-- EXTRACTED DATA follows --
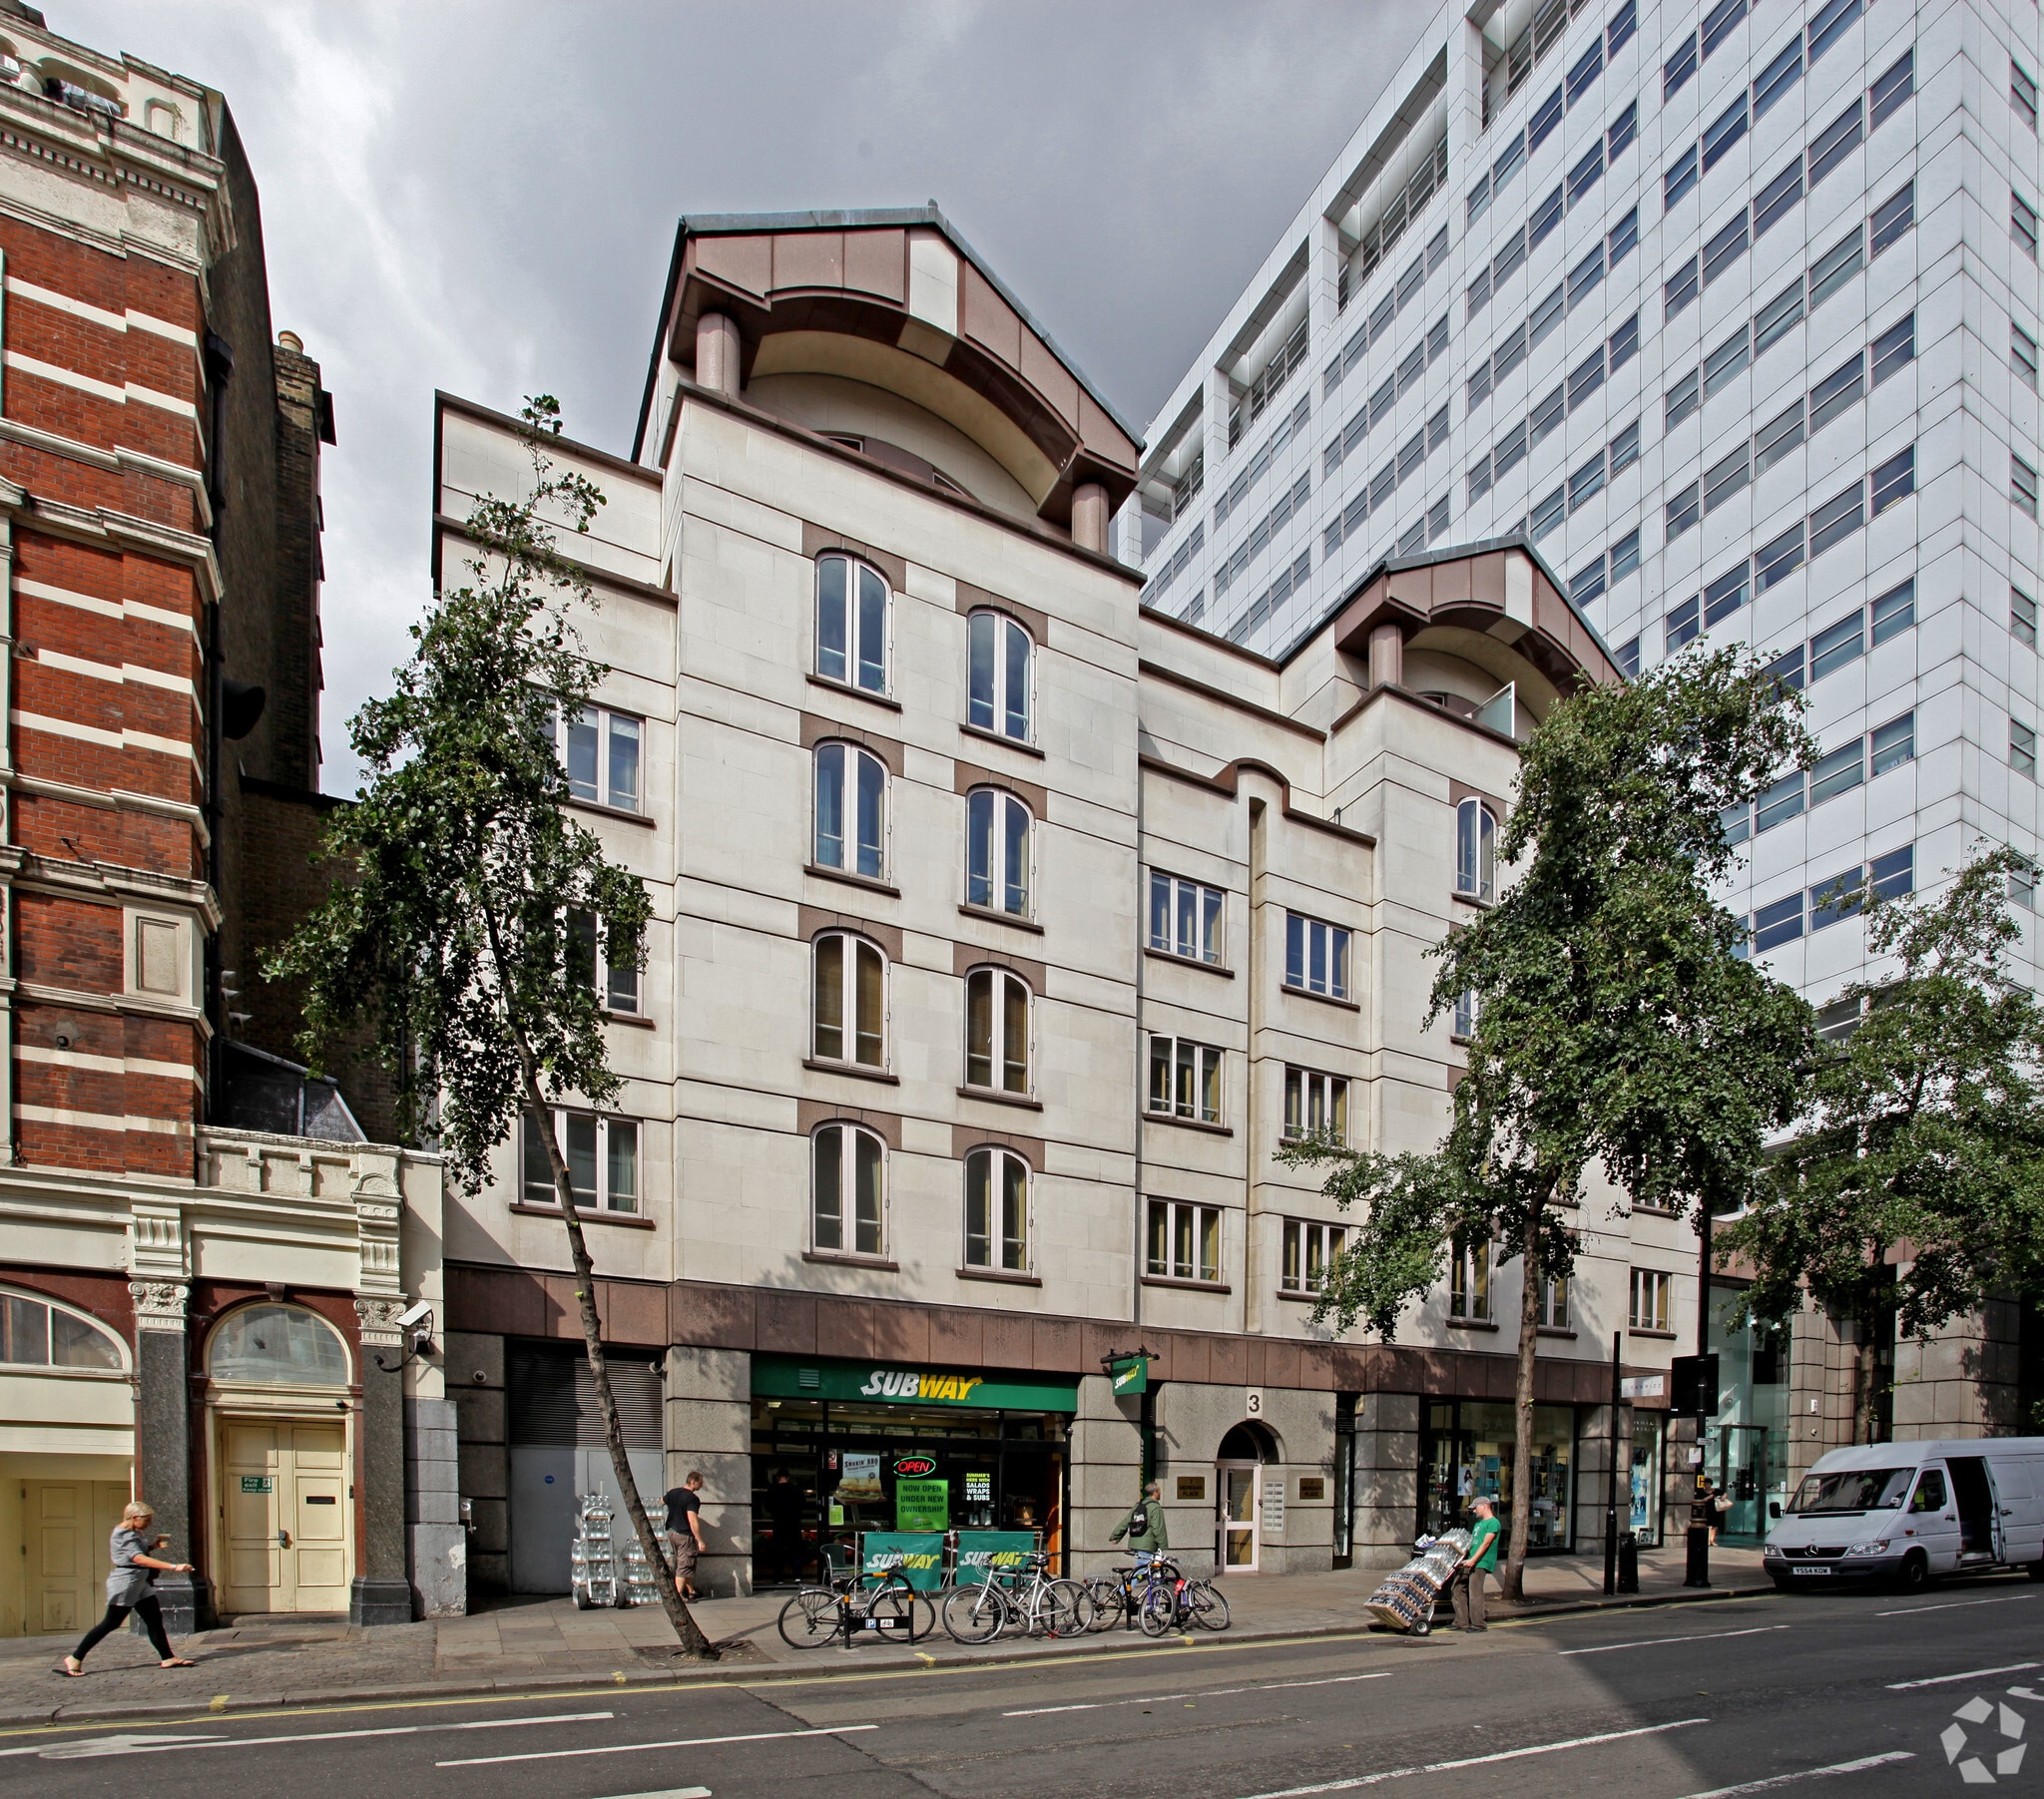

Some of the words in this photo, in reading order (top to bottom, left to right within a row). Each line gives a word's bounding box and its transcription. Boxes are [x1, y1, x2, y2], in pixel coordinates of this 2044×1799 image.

[860, 1370, 984, 1401] SUBWAY
[1115, 1365, 1140, 1389] SUBWAY
[1249, 1394, 1261, 1413] 3
[898, 1461, 930, 1473] OPEN
[900, 1505, 944, 1514] OWNERSHIP
-- EXTRACTED DATA concluded --
• _TASK_: Please set down the records above verbatim, with each picture left out.

• _ANSWER TO THIS EXERCISE_:
Some of the words in this photo, in reading order (top to bottom, left to right within a row). Each line gives a word's bounding box and its transcription. Boxes are [x1, y1, x2, y2], in pixel coordinates of this 2044×1799 image.

[860, 1370, 984, 1401] SUBWAY
[1115, 1365, 1140, 1389] SUBWAY
[1249, 1394, 1261, 1413] 3
[898, 1461, 930, 1473] OPEN
[900, 1505, 944, 1514] OWNERSHIP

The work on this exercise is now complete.